## What the task asks
All entries should be copied exactly, none left out.

(Stored data entries)
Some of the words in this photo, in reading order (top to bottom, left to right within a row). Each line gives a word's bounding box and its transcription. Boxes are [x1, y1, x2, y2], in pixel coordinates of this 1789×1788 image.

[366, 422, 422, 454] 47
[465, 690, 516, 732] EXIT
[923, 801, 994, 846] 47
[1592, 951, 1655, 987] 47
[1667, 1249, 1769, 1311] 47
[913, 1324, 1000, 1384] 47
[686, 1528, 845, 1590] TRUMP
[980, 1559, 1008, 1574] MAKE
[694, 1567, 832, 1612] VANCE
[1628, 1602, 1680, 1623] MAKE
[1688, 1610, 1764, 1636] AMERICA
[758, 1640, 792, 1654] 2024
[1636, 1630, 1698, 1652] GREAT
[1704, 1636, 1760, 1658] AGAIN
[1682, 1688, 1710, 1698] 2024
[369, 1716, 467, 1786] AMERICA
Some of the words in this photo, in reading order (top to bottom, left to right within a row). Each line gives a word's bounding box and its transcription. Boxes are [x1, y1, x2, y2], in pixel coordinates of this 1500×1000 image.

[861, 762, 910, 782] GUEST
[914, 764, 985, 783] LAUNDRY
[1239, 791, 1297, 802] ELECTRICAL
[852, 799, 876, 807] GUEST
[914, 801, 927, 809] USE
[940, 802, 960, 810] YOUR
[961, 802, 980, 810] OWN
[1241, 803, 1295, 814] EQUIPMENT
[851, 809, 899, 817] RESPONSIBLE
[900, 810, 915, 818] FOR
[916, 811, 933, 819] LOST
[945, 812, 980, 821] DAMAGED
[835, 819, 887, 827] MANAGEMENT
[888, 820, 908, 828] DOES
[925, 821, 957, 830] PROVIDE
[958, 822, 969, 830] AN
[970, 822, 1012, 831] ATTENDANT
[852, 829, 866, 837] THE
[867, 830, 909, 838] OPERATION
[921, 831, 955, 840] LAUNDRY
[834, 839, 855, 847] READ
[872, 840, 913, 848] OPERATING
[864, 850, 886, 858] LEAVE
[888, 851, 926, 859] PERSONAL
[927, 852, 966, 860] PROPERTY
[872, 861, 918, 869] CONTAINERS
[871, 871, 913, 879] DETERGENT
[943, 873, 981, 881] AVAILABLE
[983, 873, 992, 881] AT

## Solution
Some of the words in this photo, in reading order (top to bottom, left to right within a row). Each line gives a word's bounding box and its transcription. Boxes are [x1, y1, x2, y2], in pixel coordinates of this 1789×1788 image.

[366, 422, 422, 454] 47
[465, 690, 516, 732] EXIT
[923, 801, 994, 846] 47
[1592, 951, 1655, 987] 47
[1667, 1249, 1769, 1311] 47
[913, 1324, 1000, 1384] 47
[686, 1528, 845, 1590] TRUMP
[980, 1559, 1008, 1574] MAKE
[694, 1567, 832, 1612] VANCE
[1628, 1602, 1680, 1623] MAKE
[1688, 1610, 1764, 1636] AMERICA
[758, 1640, 792, 1654] 2024
[1636, 1630, 1698, 1652] GREAT
[1704, 1636, 1760, 1658] AGAIN
[1682, 1688, 1710, 1698] 2024
[369, 1716, 467, 1786] AMERICA
Some of the words in this photo, in reading order (top to bottom, left to right within a row). Each line gives a word's bounding box and its transcription. Boxes are [x1, y1, x2, y2], in pixel coordinates of this 1500×1000 image.

[861, 762, 910, 782] GUEST
[914, 764, 985, 783] LAUNDRY
[1239, 791, 1297, 802] ELECTRICAL
[852, 799, 876, 807] GUEST
[914, 801, 927, 809] USE
[940, 802, 960, 810] YOUR
[961, 802, 980, 810] OWN
[1241, 803, 1295, 814] EQUIPMENT
[851, 809, 899, 817] RESPONSIBLE
[900, 810, 915, 818] FOR
[916, 811, 933, 819] LOST
[945, 812, 980, 821] DAMAGED
[835, 819, 887, 827] MANAGEMENT
[888, 820, 908, 828] DOES
[925, 821, 957, 830] PROVIDE
[958, 822, 969, 830] AN
[970, 822, 1012, 831] ATTENDANT
[852, 829, 866, 837] THE
[867, 830, 909, 838] OPERATION
[921, 831, 955, 840] LAUNDRY
[834, 839, 855, 847] READ
[872, 840, 913, 848] OPERATING
[864, 850, 886, 858] LEAVE
[888, 851, 926, 859] PERSONAL
[927, 852, 966, 860] PROPERTY
[872, 861, 918, 869] CONTAINERS
[871, 871, 913, 879] DETERGENT
[943, 873, 981, 881] AVAILABLE
[983, 873, 992, 881] AT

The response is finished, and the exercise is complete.